Zum Dreh- und Angelpunkt des Films wird jedoch die Beziehung zwischen David und Amanda, angefangen bei der schweren Aufgabe, die Kleine über den Tod ihrer Mutter zu informieren. In der Unsicherheit der folgenden Wochen erleben beide immer wieder Anfälle, bei denen sie von ihrer Trauer überwältigt werden. Dazu kommen auch sehr pragmatische Fragen zu Amandas rechtlichem Status: Ist David in der Lage, ihre Vormundschaft zu übernehmen? Wer wäre die Alternative – eine Tante, die unbekannte Großmutter, oder läuft es vielleicht doch auf ein Kinderheim hinaus?
Nicht bemüht dramatisch
„Mein Leben mit Amanda“ ist auch dann weiter behutsam und unaufgeregt, wenn es um Davids Ringen mit sich selbst geht, ob er sich die Verantwortung für ein Kind zutraut. Der Film schildert das nicht als geradlinigen Prozess, bei dem die Entscheidung von Anfang an absehbar ist, sondern als Kurve mit Fortschritten und Rückschlägen. Auch nach dem Anschlag und Sandrines Tod wird der Film nicht bemüht dramatisch; David stellt sich auf die Einschlafschwierigkeiten seiner Nichte ein und hält ihr nachts einfach die Hand, ohne eine große Sache daraus zu machen. Auf Amandas bockige Phasen versucht er mit vernünftigen Argumenten zu reagieren. Als Amanda sich beschwert, weil er die Zahnbürste ihrer Mutter aus dem Badezimmer weggeräumt hat, stellt David widerstandslos die Sachen wieder zurück.
Fragen danach, wann kleine Schlussstriche angebracht sind, um anders weiterzumachen, werden lebensbestimmend. Nicht immer findet sich auf Anhieb oder überhaupt die richtige Antwort.

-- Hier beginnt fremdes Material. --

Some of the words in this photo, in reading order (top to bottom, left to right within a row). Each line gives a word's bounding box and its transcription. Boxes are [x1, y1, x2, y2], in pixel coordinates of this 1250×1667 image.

In seiner unaufdringlichen, beobachtenden Inszenierung erweist sich Mikhaël Hers einmal mehr den Filmen des Norwegers Joachim Trier nahe. Hers verweigert sich aber keineswegs der emotionalen Seite des Stoffes: „Mein Leben mit Amanda“ ist vom Ansatz wie von der Ausführung her ein Melodram, in dem die Gefühle der Figuren jederzeit im Fokus stehen, und bei dem eine gefühlvolle Musik viele Szenen untermalt – auch dies jedoch stets mit Gefühl für das rechte Maß.

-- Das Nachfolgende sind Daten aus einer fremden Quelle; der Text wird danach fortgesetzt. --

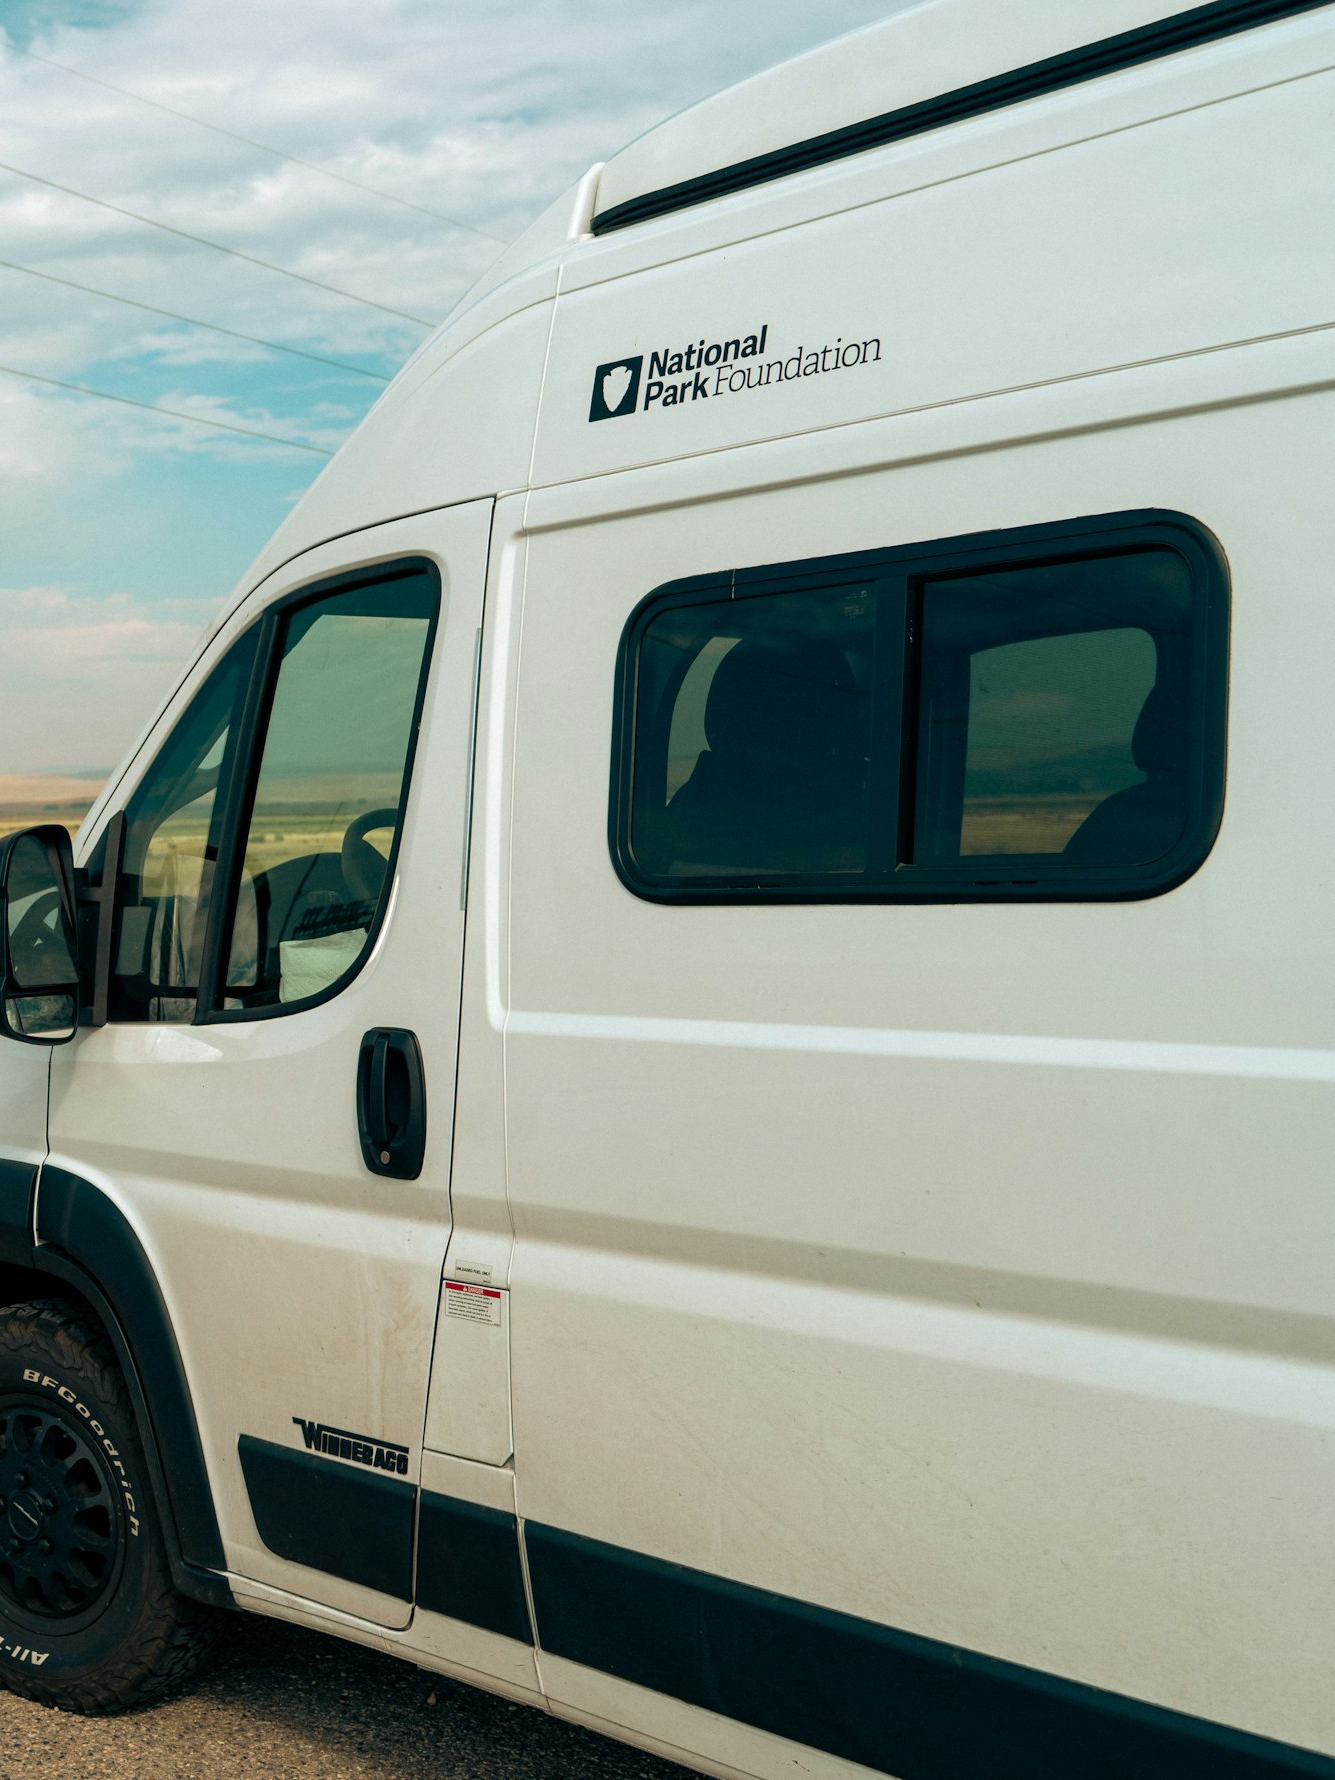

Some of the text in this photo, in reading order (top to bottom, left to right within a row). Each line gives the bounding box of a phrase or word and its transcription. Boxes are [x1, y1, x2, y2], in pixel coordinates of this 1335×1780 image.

Das Leben holt sich seine Räume zurück
Authentisch bleibt der Film überdies durch das konzentrierte Zusammenspiel der Darsteller. Vincent Lacoste ist eine Idealbesetzung für Davids jungenhafte Überforderung, die kleine Isaure Multrier eine Filmdebütantin, die in Amandas häufig stillen Momenten ebenso glaubhaft ist wie in den plötzlichen Trauerschüben. Jeder für sich und doch oft gemeinsam tasten David und Amanda sich in die Welt zurück, erweitern ihren Bewegungsradius und schlagen neue Kapitel in ihrem Dasein auf. Wenn dieser wunderbar zu Herzen gehende, gänzlich undidaktische Film doch eine Botschaft vermitteln will, ist es wohl diese: Kein Raum lässt sich auf ewig von Angst und Trauer besetzen, denn das Leben erobert sich unaufhaltsam zurück, was ihm geraubt worden ist.